━━━ Source data
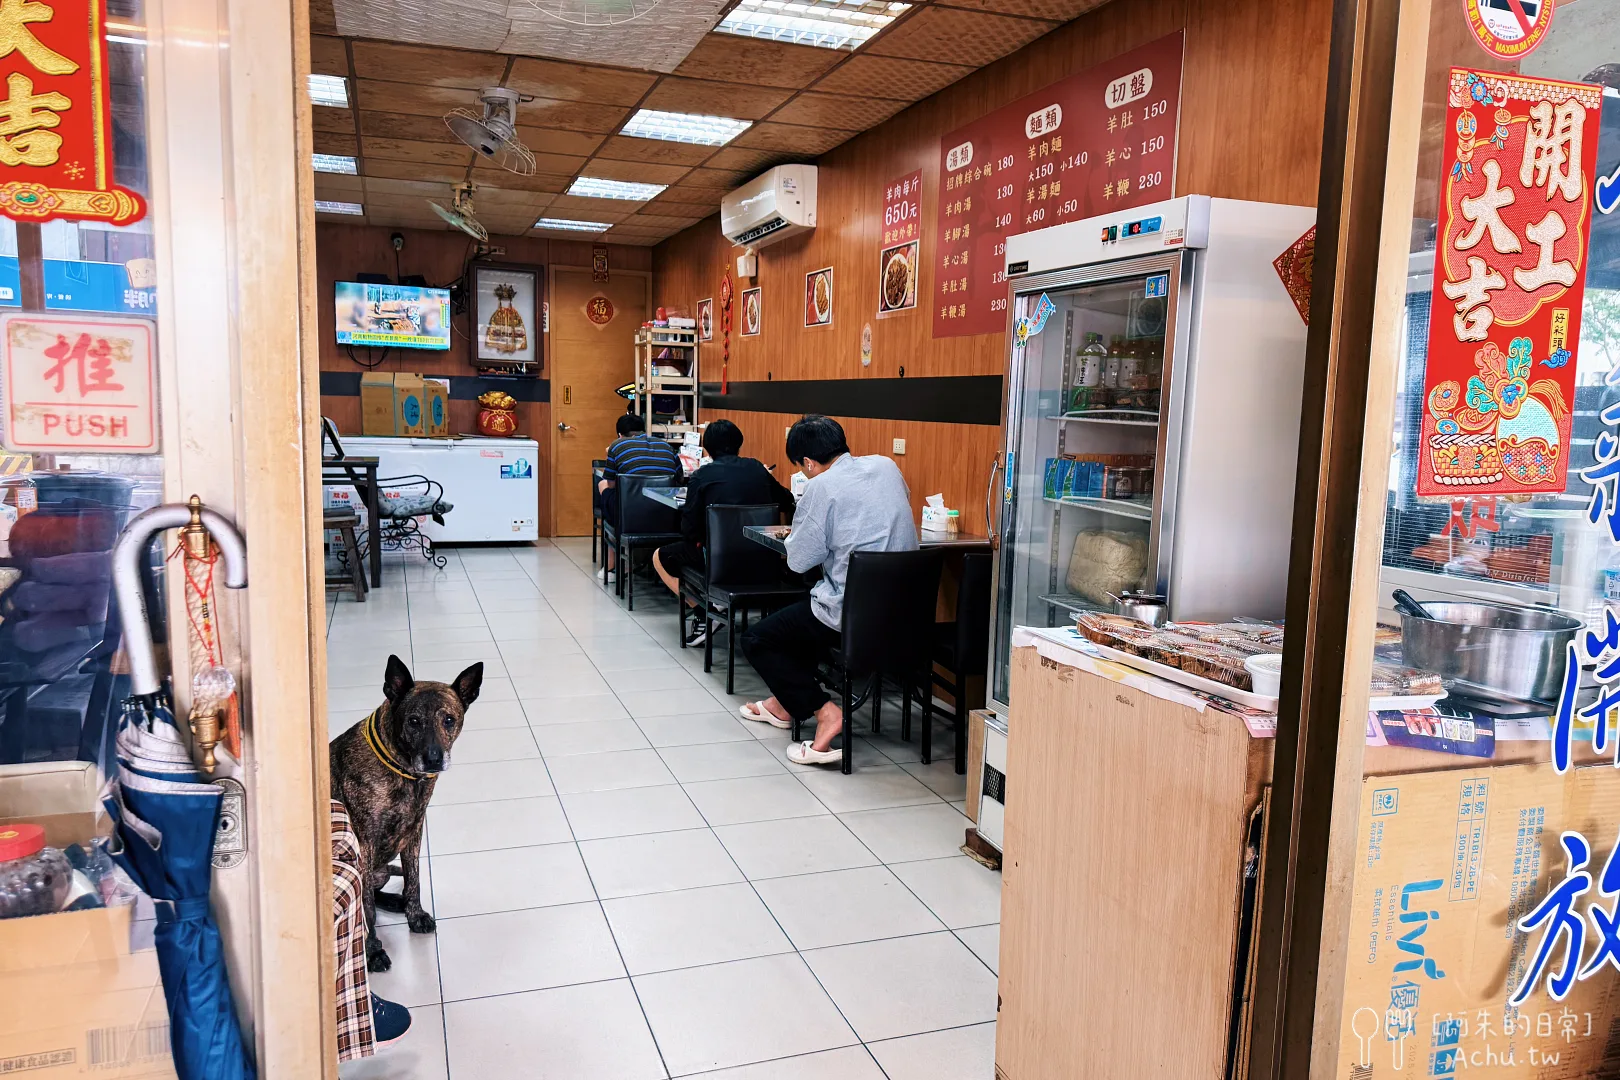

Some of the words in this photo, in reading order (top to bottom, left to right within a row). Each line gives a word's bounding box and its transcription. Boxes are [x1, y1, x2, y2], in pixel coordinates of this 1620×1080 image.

[1495, 41, 1528, 54] MAXIMUM
[1527, 26, 1543, 46] FINE:
[1111, 72, 1146, 104] 切盤
[1030, 107, 1058, 135] 麵類
[1106, 110, 1134, 134] 羊肚
[1143, 99, 1168, 121] 150
[949, 145, 970, 169] 湯類
[1027, 135, 1063, 162] 羊肉麵
[1104, 146, 1133, 168] 羊心
[1141, 135, 1165, 156] 150
[946, 162, 993, 192] 招牌綜合碗
[997, 154, 1015, 172] 180
[1102, 178, 1131, 201] 羊鞭
[1138, 171, 1163, 190] 230
[885, 175, 919, 202] 羊肉每斤
[945, 196, 972, 218] 羊肉湯
[996, 183, 1014, 200] 130
[1026, 180, 1062, 205] 羊湯麵
[1513, 96, 1587, 293] 開工
[884, 199, 918, 227] 650元
[944, 223, 971, 243] 羊腳湯
[995, 212, 1012, 229] 140
[942, 250, 969, 270] 羊心湯
[1441, 158, 1523, 344] 大吉
[941, 277, 968, 295] 羊肚湯
[593, 299, 608, 315] 福
[940, 303, 967, 320] 羊鞭湯
[991, 298, 1007, 312] 230
[1552, 312, 1566, 350] 好彩頭
[43, 332, 125, 398] 推
[43, 413, 129, 438] PUSH
[1385, 884, 1399, 941] Essentials
[1393, 878, 1447, 980] Livi
[1367, 931, 1379, 964] (PEFC)
[0, 1050, 74, 1072] 健康食品認證
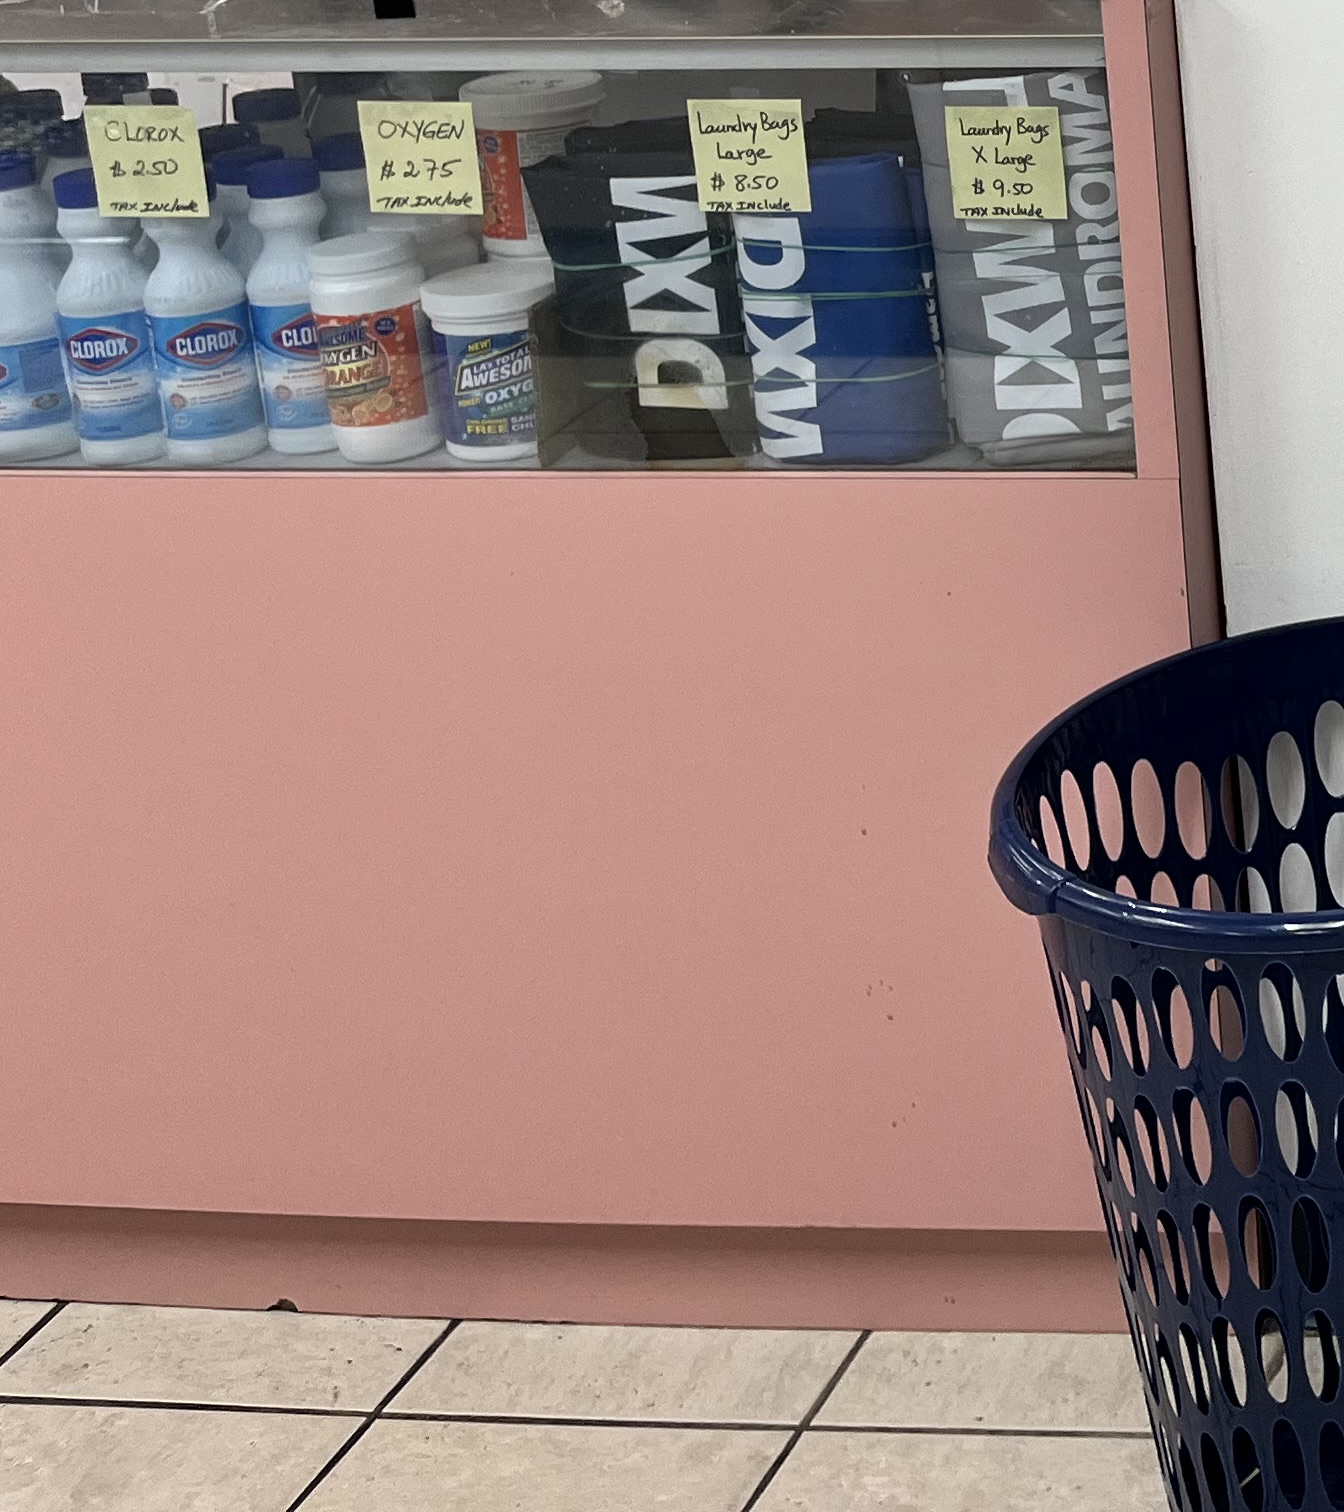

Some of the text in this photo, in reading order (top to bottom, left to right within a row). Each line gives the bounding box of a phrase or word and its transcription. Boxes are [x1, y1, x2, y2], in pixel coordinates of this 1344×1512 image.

[104, 120, 185, 143] CLOROX
[378, 120, 465, 144] OXYGEN
[696, 110, 799, 144] Laundry Bags
[959, 117, 1050, 146] Laundry Bags
[716, 141, 773, 166] Large
[971, 145, 1036, 173] X Large
[710, 172, 779, 192] $ 8.50
[992, 179, 1034, 198] 9.50
[376, 196, 410, 209] TAX
[706, 201, 734, 210] TAX
[960, 207, 988, 217] TAX
[70, 337, 129, 359] CLOROX
[175, 328, 238, 356] CLOROX
[281, 327, 318, 348] CLO
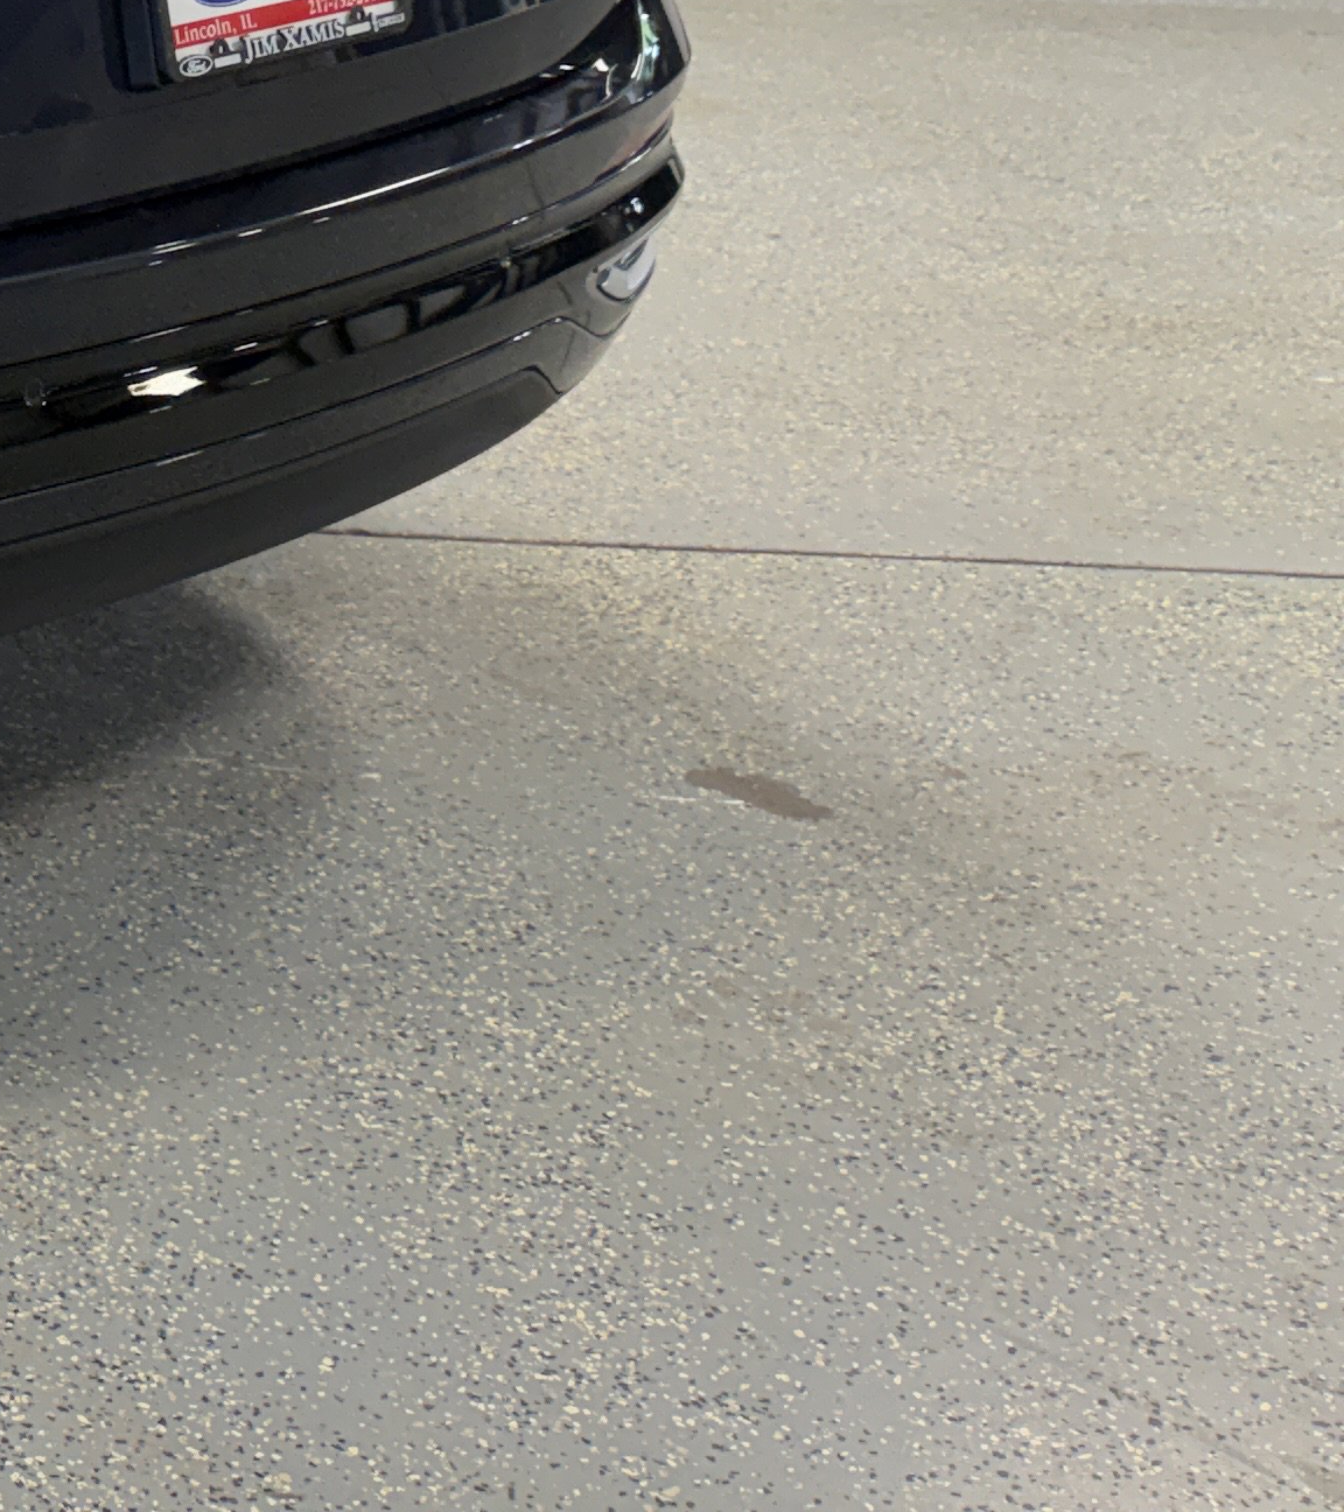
━━━━━━
## Work task
Put each line of the listing above into the copy exactly, dropping the pictures.

## Output for this exercise
Some of the words in this photo, in reading order (top to bottom, left to right within a row). Each line gives a word's bounding box and its transcription. Boxes are [x1, y1, x2, y2], in pixel coordinates of this 1620×1080 image.

[1495, 41, 1528, 54] MAXIMUM
[1527, 26, 1543, 46] FINE:
[1111, 72, 1146, 104] 切盤
[1030, 107, 1058, 135] 麵類
[1106, 110, 1134, 134] 羊肚
[1143, 99, 1168, 121] 150
[949, 145, 970, 169] 湯類
[1027, 135, 1063, 162] 羊肉麵
[1104, 146, 1133, 168] 羊心
[1141, 135, 1165, 156] 150
[946, 162, 993, 192] 招牌綜合碗
[997, 154, 1015, 172] 180
[1102, 178, 1131, 201] 羊鞭
[1138, 171, 1163, 190] 230
[885, 175, 919, 202] 羊肉每斤
[945, 196, 972, 218] 羊肉湯
[996, 183, 1014, 200] 130
[1026, 180, 1062, 205] 羊湯麵
[1513, 96, 1587, 293] 開工
[884, 199, 918, 227] 650元
[944, 223, 971, 243] 羊腳湯
[995, 212, 1012, 229] 140
[942, 250, 969, 270] 羊心湯
[1441, 158, 1523, 344] 大吉
[941, 277, 968, 295] 羊肚湯
[593, 299, 608, 315] 福
[940, 303, 967, 320] 羊鞭湯
[991, 298, 1007, 312] 230
[1552, 312, 1566, 350] 好彩頭
[43, 332, 125, 398] 推
[43, 413, 129, 438] PUSH
[1385, 884, 1399, 941] Essentials
[1393, 878, 1447, 980] Livi
[1367, 931, 1379, 964] (PEFC)
[0, 1050, 74, 1072] 健康食品認證

Some of the text in this photo, in reading order (top to bottom, left to right within a row). Each line gives the bounding box of a phrase or word and its transcription. Boxes are [x1, y1, x2, y2], in pixel coordinates of this 1344×1512 image.

[104, 120, 185, 143] CLOROX
[378, 120, 465, 144] OXYGEN
[696, 110, 799, 144] Laundry Bags
[959, 117, 1050, 146] Laundry Bags
[716, 141, 773, 166] Large
[971, 145, 1036, 173] X Large
[710, 172, 779, 192] $ 8.50
[992, 179, 1034, 198] 9.50
[376, 196, 410, 209] TAX
[706, 201, 734, 210] TAX
[960, 207, 988, 217] TAX
[70, 337, 129, 359] CLOROX
[175, 328, 238, 356] CLOROX
[281, 327, 318, 348] CLO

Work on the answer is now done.